> _TASK MATERIAL_:
BEGIN
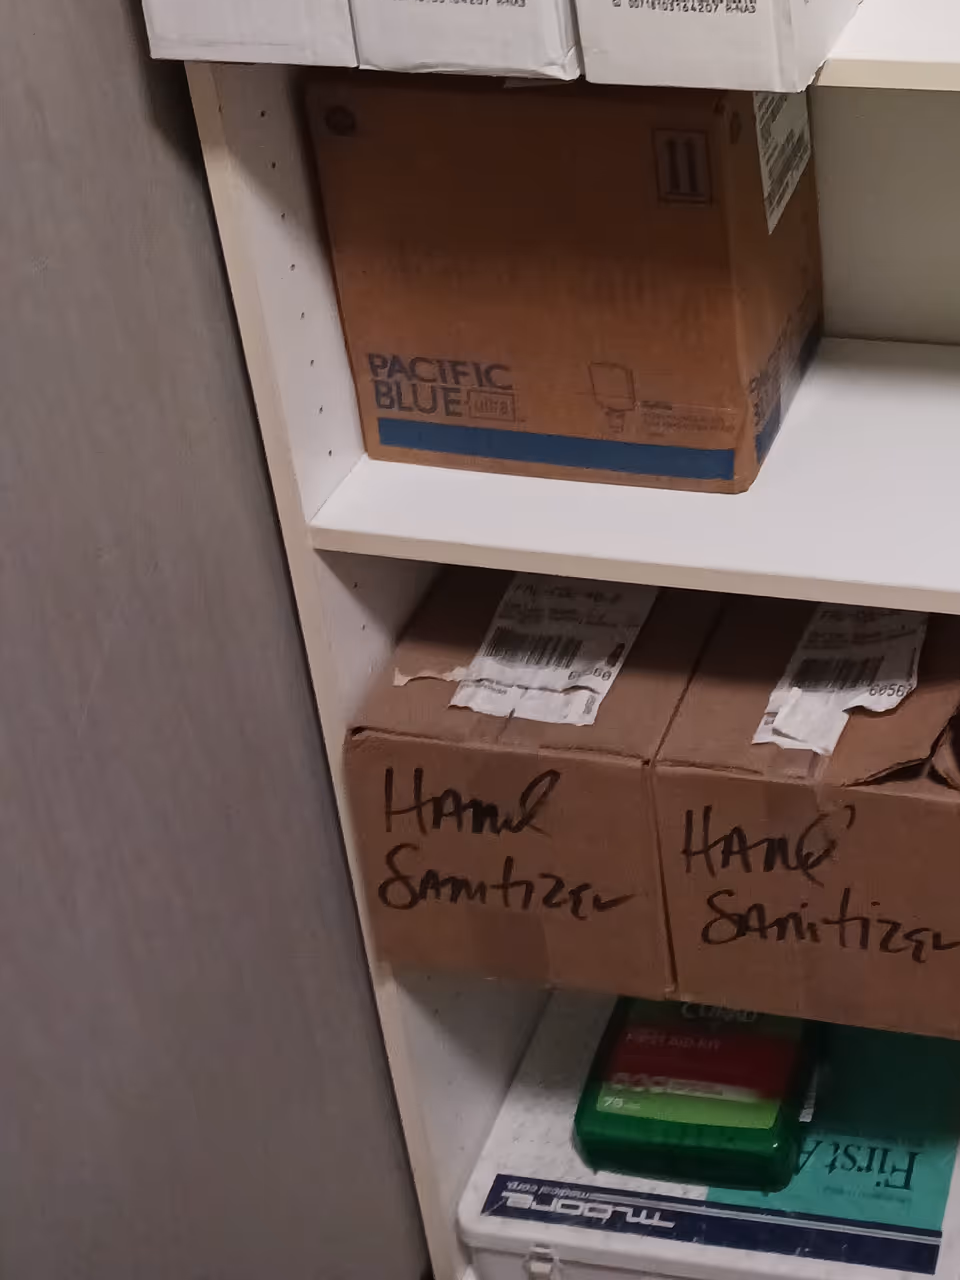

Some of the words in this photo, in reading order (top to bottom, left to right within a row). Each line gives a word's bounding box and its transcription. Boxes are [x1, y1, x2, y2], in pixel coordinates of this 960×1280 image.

[367, 352, 514, 390] PACIFIC
[373, 380, 464, 418] BLUE
[827, 1146, 921, 1191] First
[540, 1184, 591, 1199] medical
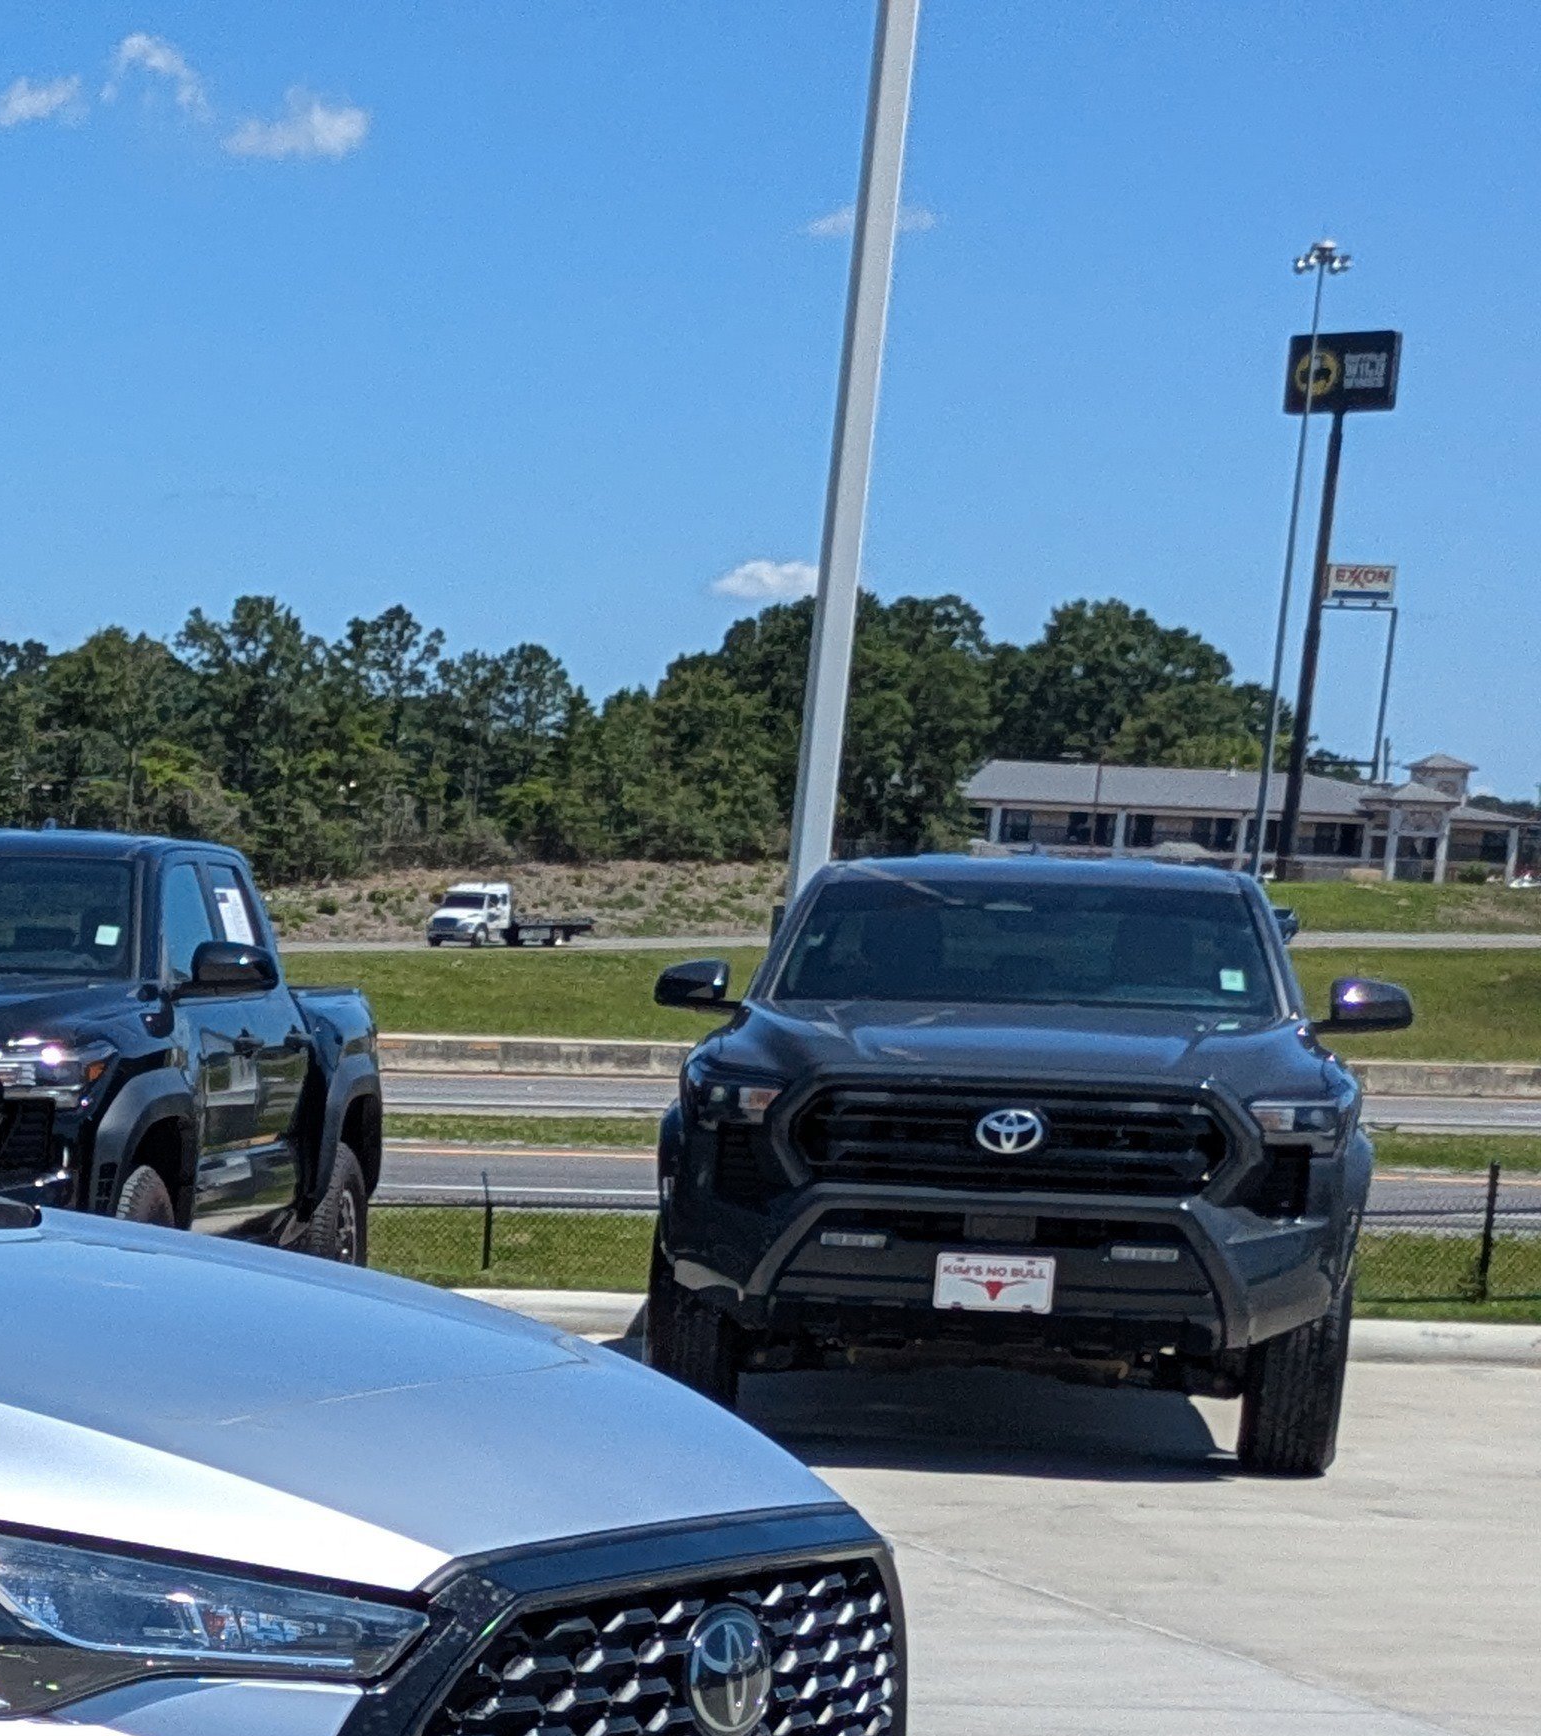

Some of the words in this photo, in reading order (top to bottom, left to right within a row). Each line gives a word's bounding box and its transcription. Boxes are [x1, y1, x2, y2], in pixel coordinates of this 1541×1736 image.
END
Your reply should hold every line above exactly as written and none of the pictures.

Some of the words in this photo, in reading order (top to bottom, left to right within a row). Each line gives a word's bounding box and its transcription. Boxes are [x1, y1, x2, y2], in pixel coordinates of this 960×1280 image.

[367, 352, 514, 390] PACIFIC
[373, 380, 464, 418] BLUE
[827, 1146, 921, 1191] First
[540, 1184, 591, 1199] medical

Some of the words in this photo, in reading order (top to bottom, left to right within a row). Each line gives a word's bounding box and its transcription. Boxes are [x1, y1, x2, y2], in pixel coordinates of this 1541×1736 image.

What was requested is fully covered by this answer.